+++ Exercise material
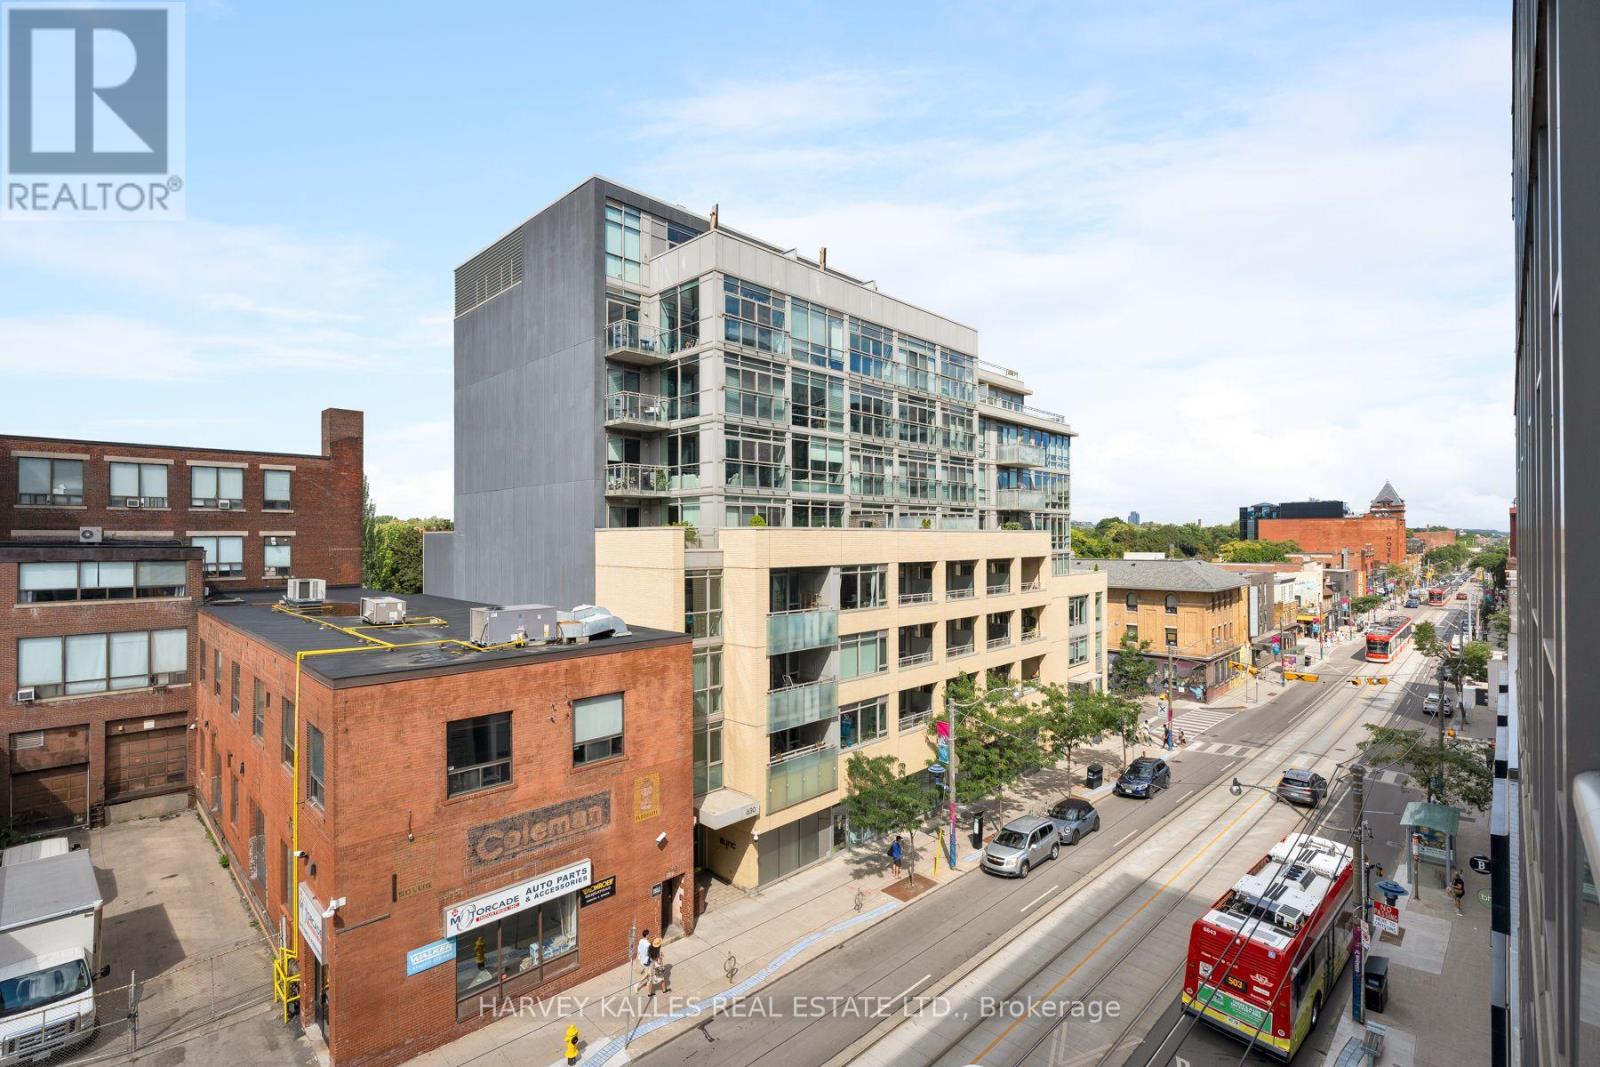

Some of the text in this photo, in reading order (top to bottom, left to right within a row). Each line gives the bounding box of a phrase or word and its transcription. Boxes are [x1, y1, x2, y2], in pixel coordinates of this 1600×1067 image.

[474, 804, 603, 861] Coleman
[1478, 860, 1486, 870] B
[525, 867, 588, 896] AUTO PARTS
[525, 895, 531, 903] &
[534, 875, 588, 900] ACCESSORIES
[450, 894, 520, 932] MOTORCADE
[1380, 904, 1392, 913] NO
[1228, 976, 1243, 989] 503
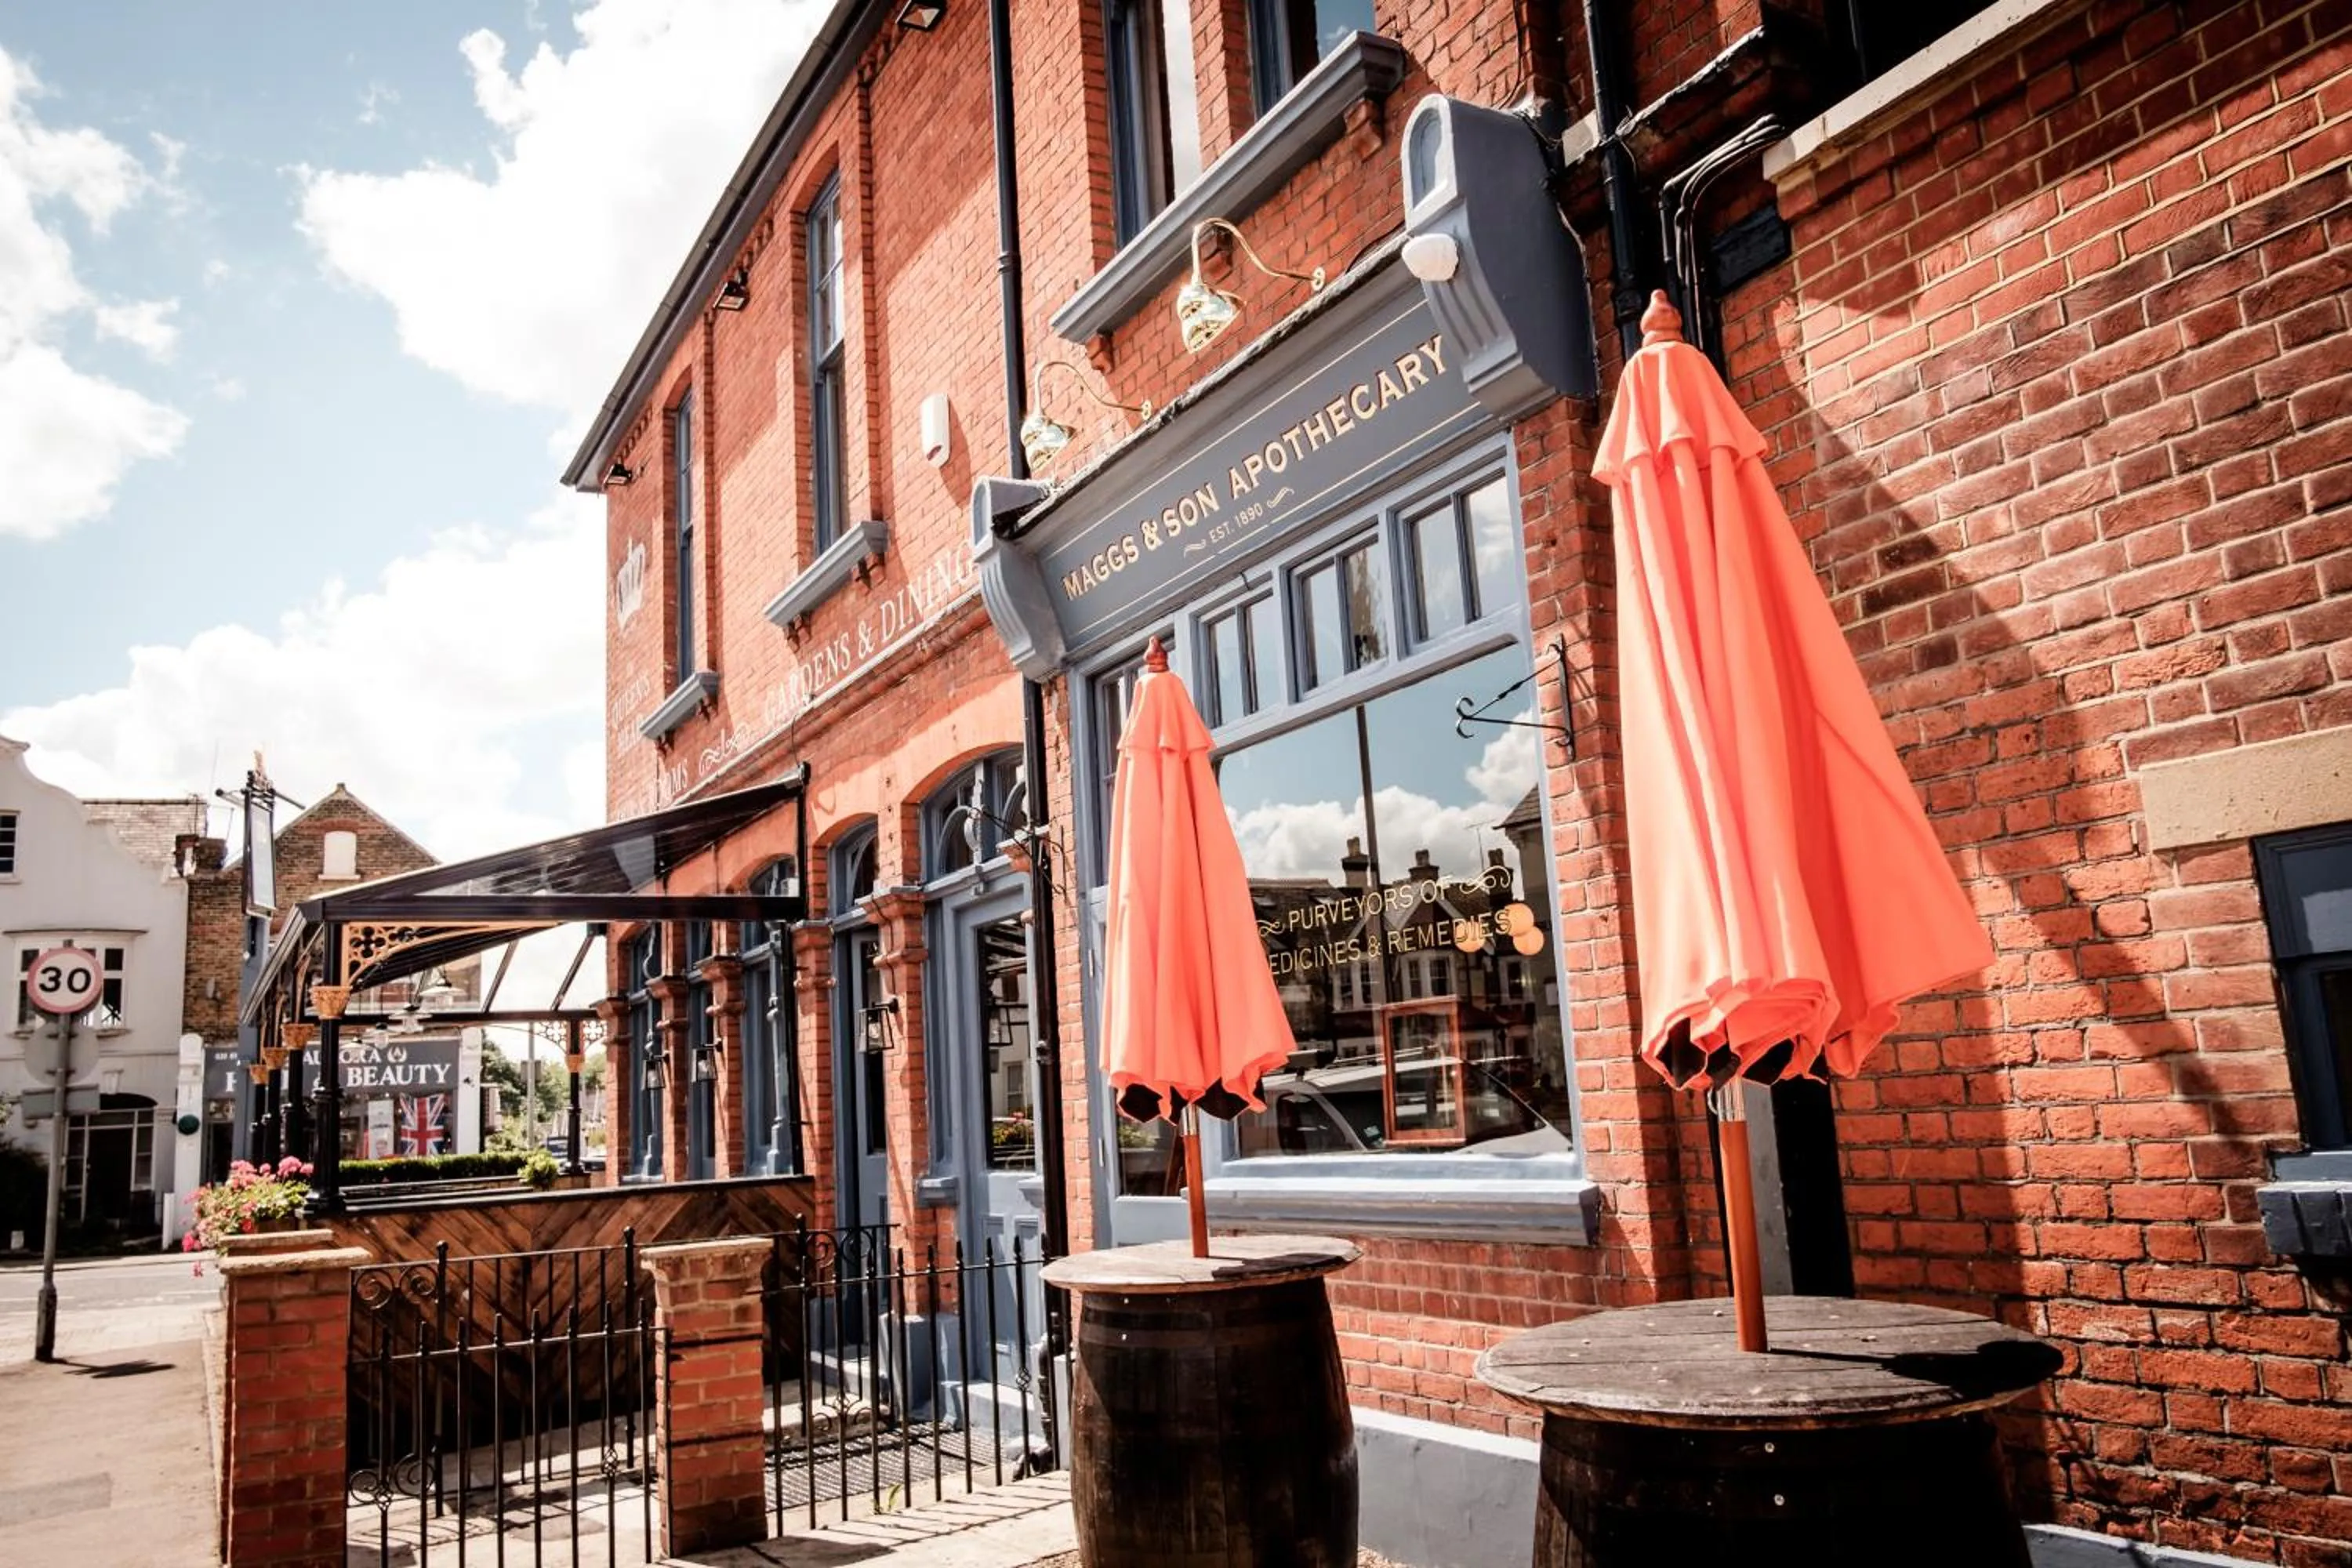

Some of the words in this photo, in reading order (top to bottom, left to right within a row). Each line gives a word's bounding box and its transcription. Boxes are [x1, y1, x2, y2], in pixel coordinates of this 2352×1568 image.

[1062, 534, 1139, 601] MAGGS
[1140, 518, 1163, 551] &
[1162, 481, 1221, 538] SON
[1229, 334, 1446, 500] APOTHECARY
[1209, 521, 1236, 543] EST.
[1235, 503, 1263, 528] 1890
[765, 632, 851, 724] GARDENS
[858, 619, 876, 660] &
[880, 539, 979, 643] DINING
[1288, 885, 1414, 932] PURVEYORS
[1420, 875, 1454, 904] OF
[1269, 938, 1362, 975] EDICINES
[1368, 935, 1381, 957] &
[1388, 909, 1512, 954] REMEDIES
[39, 966, 92, 993] 30
[347, 1064, 452, 1087] BEAUTY
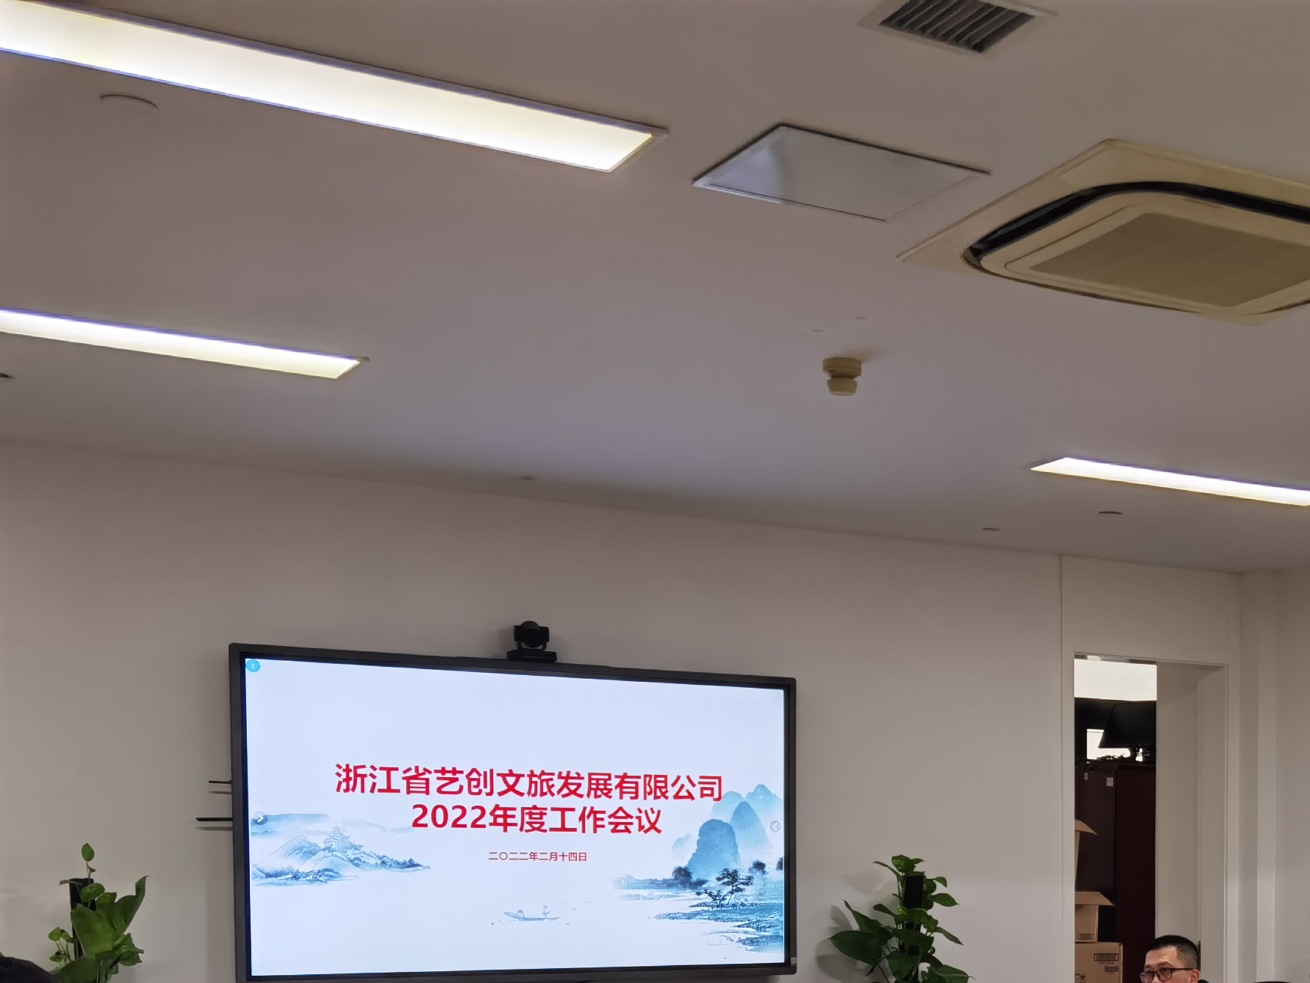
++++++
**Problem requirements**
Reproduce the material above in full, images excluded.

**Written answer**
Some of the text in this photo, in reading order (top to bottom, left to right within a row). Each line gives the bounding box of a phrase or word and its transcription. Boxes are [x1, y1, x2, y2], in pixel coordinates of this 1600×1067 image.

[474, 804, 603, 861] Coleman
[1478, 860, 1486, 870] B
[525, 867, 588, 896] AUTO PARTS
[525, 895, 531, 903] &
[534, 875, 588, 900] ACCESSORIES
[450, 894, 520, 932] MOTORCADE
[1380, 904, 1392, 913] NO
[1228, 976, 1243, 989] 503

Some of the words in this photo, in reading order (top to bottom, left to right within a row). Each line gives a word's bounding box and its transcription. Boxes are [x1, y1, x2, y2], in pixel coordinates of this 2352×1568 image.

[1062, 534, 1139, 601] MAGGS
[1140, 518, 1163, 551] &
[1162, 481, 1221, 538] SON
[1229, 334, 1446, 500] APOTHECARY
[1209, 521, 1236, 543] EST.
[1235, 503, 1263, 528] 1890
[765, 632, 851, 724] GARDENS
[858, 619, 876, 660] &
[880, 539, 979, 643] DINING
[1288, 885, 1414, 932] PURVEYORS
[1420, 875, 1454, 904] OF
[1269, 938, 1362, 975] EDICINES
[1368, 935, 1381, 957] &
[1388, 909, 1512, 954] REMEDIES
[39, 966, 92, 993] 30
[347, 1064, 452, 1087] BEAUTY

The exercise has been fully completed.